A Rio de Janeiro Thriller
With no witnesses and no weapon, it seems like the case of the one-legged homeless man found lying in a cul-de-sac on São João Hill, shot through the heart, will remain unsolved. But Chief Inspector Espinosa can't shake thoughts of the hapless victimwho would target a penniless man who posed no physical threat? Focusing his incisive mind and his usual unhurried inquiry on a group of wealthy guests who dined at a nearby mansion on the rainy night of the murder, Espinosa interrogates his way into the lives of his suspects, exposing lies, cover-upsand another murder.
About the Author
LUIZ ALFREDO GARCIA-ROZA, a distinguished academic, is a bestselling novelist who lives in Rio de Janeiro. The Espinosa mysteries have been translated into five languages. This is the sixth book in the series.
Read an Excerpt
An Inspector Espinosa Mystery
By Luiz Alfredo Garcia-Roza, Benjamin Moser
Henry Holt and CompanyCopyright © 2006 Luiz Alfredo Garcia-Roza
All rights reserved.
Espinosa could clearly make out the sounds coming from the street and was fully aware that he was lying in his own bed, but he still hadn't made up his mind to open his eyes. He tried to estimate the time: after six, for sure, so six-thirty was a good guess. He could have looked at the watch on his bedside table, which rested inches from his head, but that would mean accepting that he was technically awake. He kept his eyes closed. All he wanted at that time was, slowly, lazily, to enjoy the image of Irene coming up the two flights of stairs, arms full of bags, announcing what cheeses, wines, and bread she had brought; while he, at the top of the stairs, could look at her lightweight outfit hugging her thighs, her calves, and her breasts, insinuating more than showing. The imaginary scene wasn't borrowed from the night before or from any night in particular, recent or remote; it was a foretaste of the meeting they would have that night. Which was why he was reluctant to open his eyes and meet the stupid reality of his watch. It read six-twenty when Espinosa decided to get up.

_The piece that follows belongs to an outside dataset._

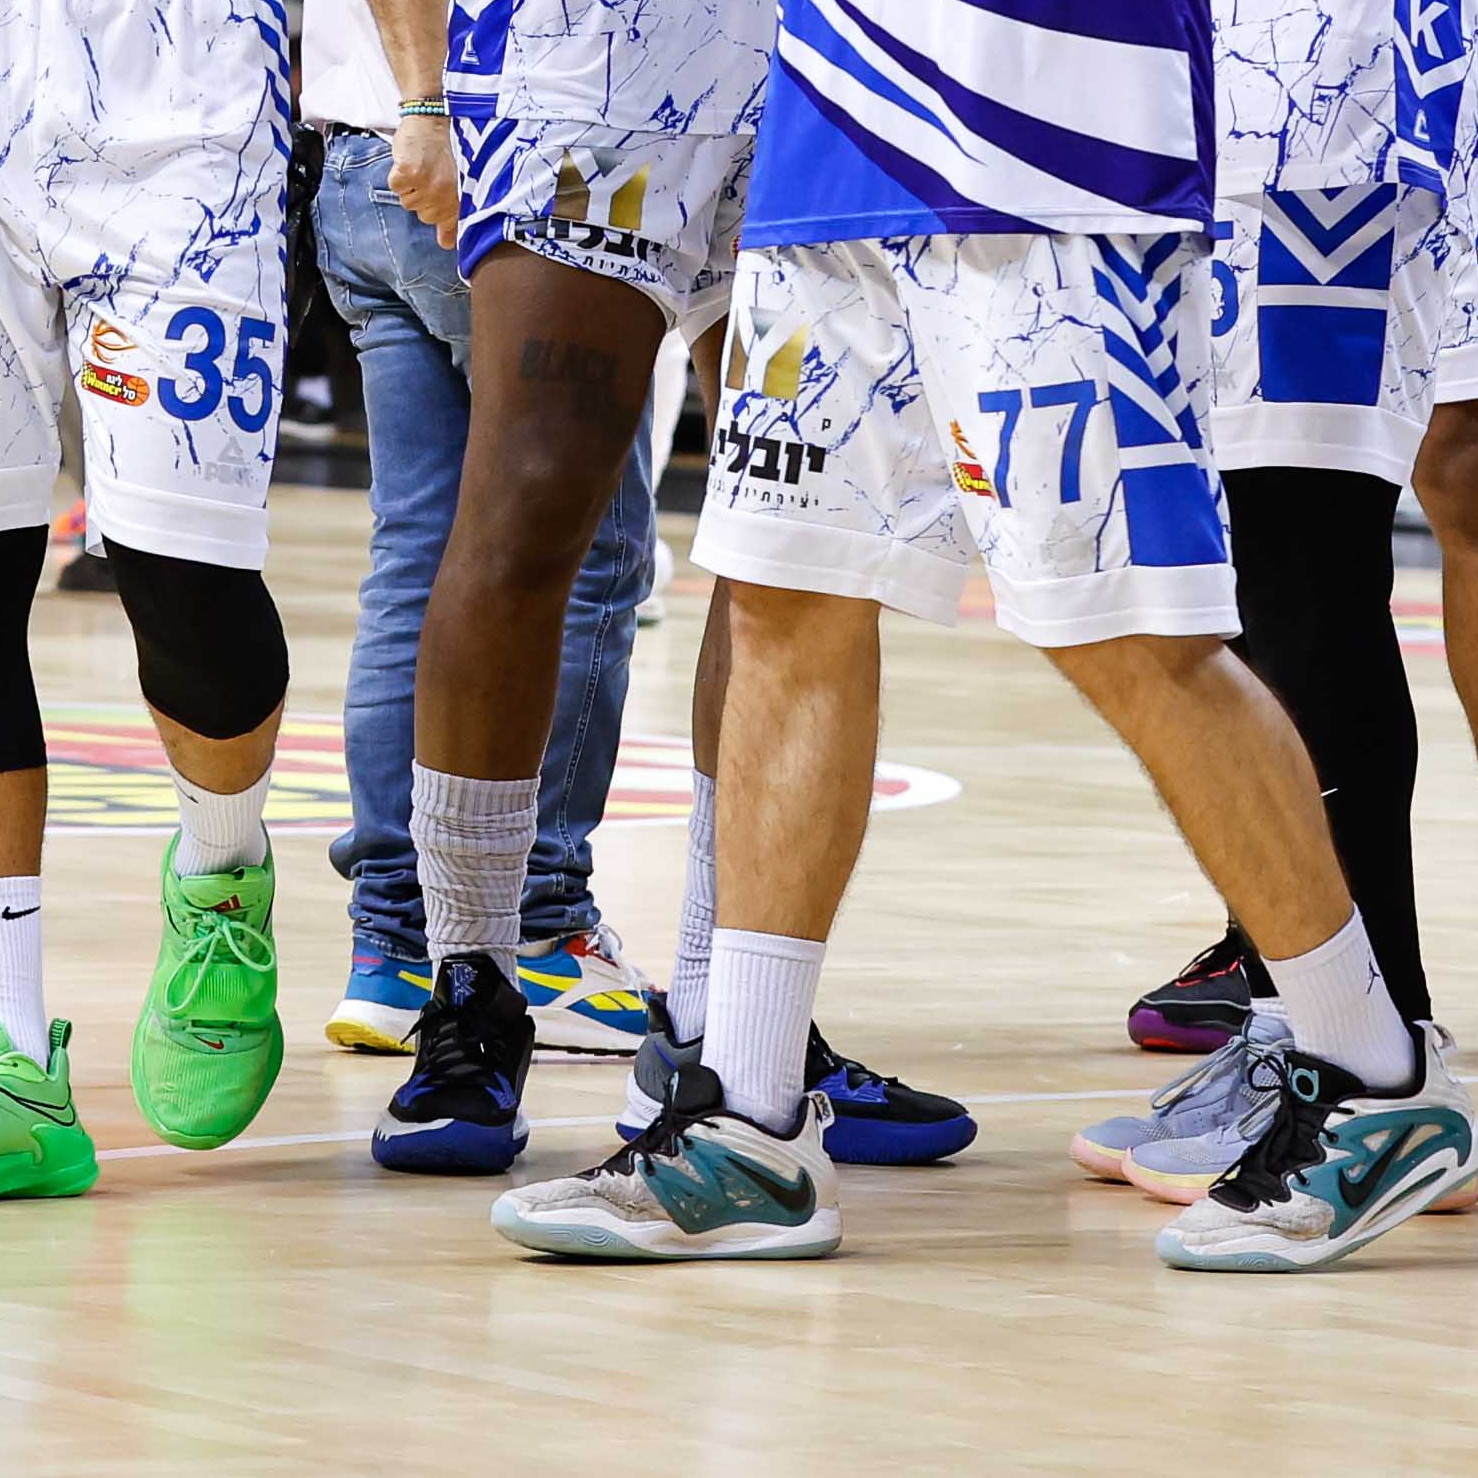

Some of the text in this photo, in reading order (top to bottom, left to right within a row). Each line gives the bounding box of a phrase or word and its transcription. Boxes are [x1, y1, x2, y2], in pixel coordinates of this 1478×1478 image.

He was turning on the coffeemaker when the telephone rang.
"Morning, Chief, sorry to wake you."
"You didn't. What happened?"
"A man was killed with a single shot at the end of the Rua Mascarenhas de Moraes, that steep part off of the Rua Tonelero. We thought you'd like to see the body before it's removed."
"There's nothing to like about it, Detective."
"Sorry, just a manner of speaking."
"And why did you think I would like to see it? Is the victim someone I know?"
"No, sir, it's a homeless man, an old guy, with only one leg. ... He was killed with a shot to his chest."
"A single shot?"
"Just one. Close range. In the heart. In the middle of a rainy night. He was stretched out at the end of the street ... at that round end ..."
"It's called a cul-de-sac ... it's French."
"Well, anyway, he had fallen beside that curb, and he was found by the doorman of the only building on that end of the street. I'm going to send a car to get you; it's raining and it's hard to get over there without a car."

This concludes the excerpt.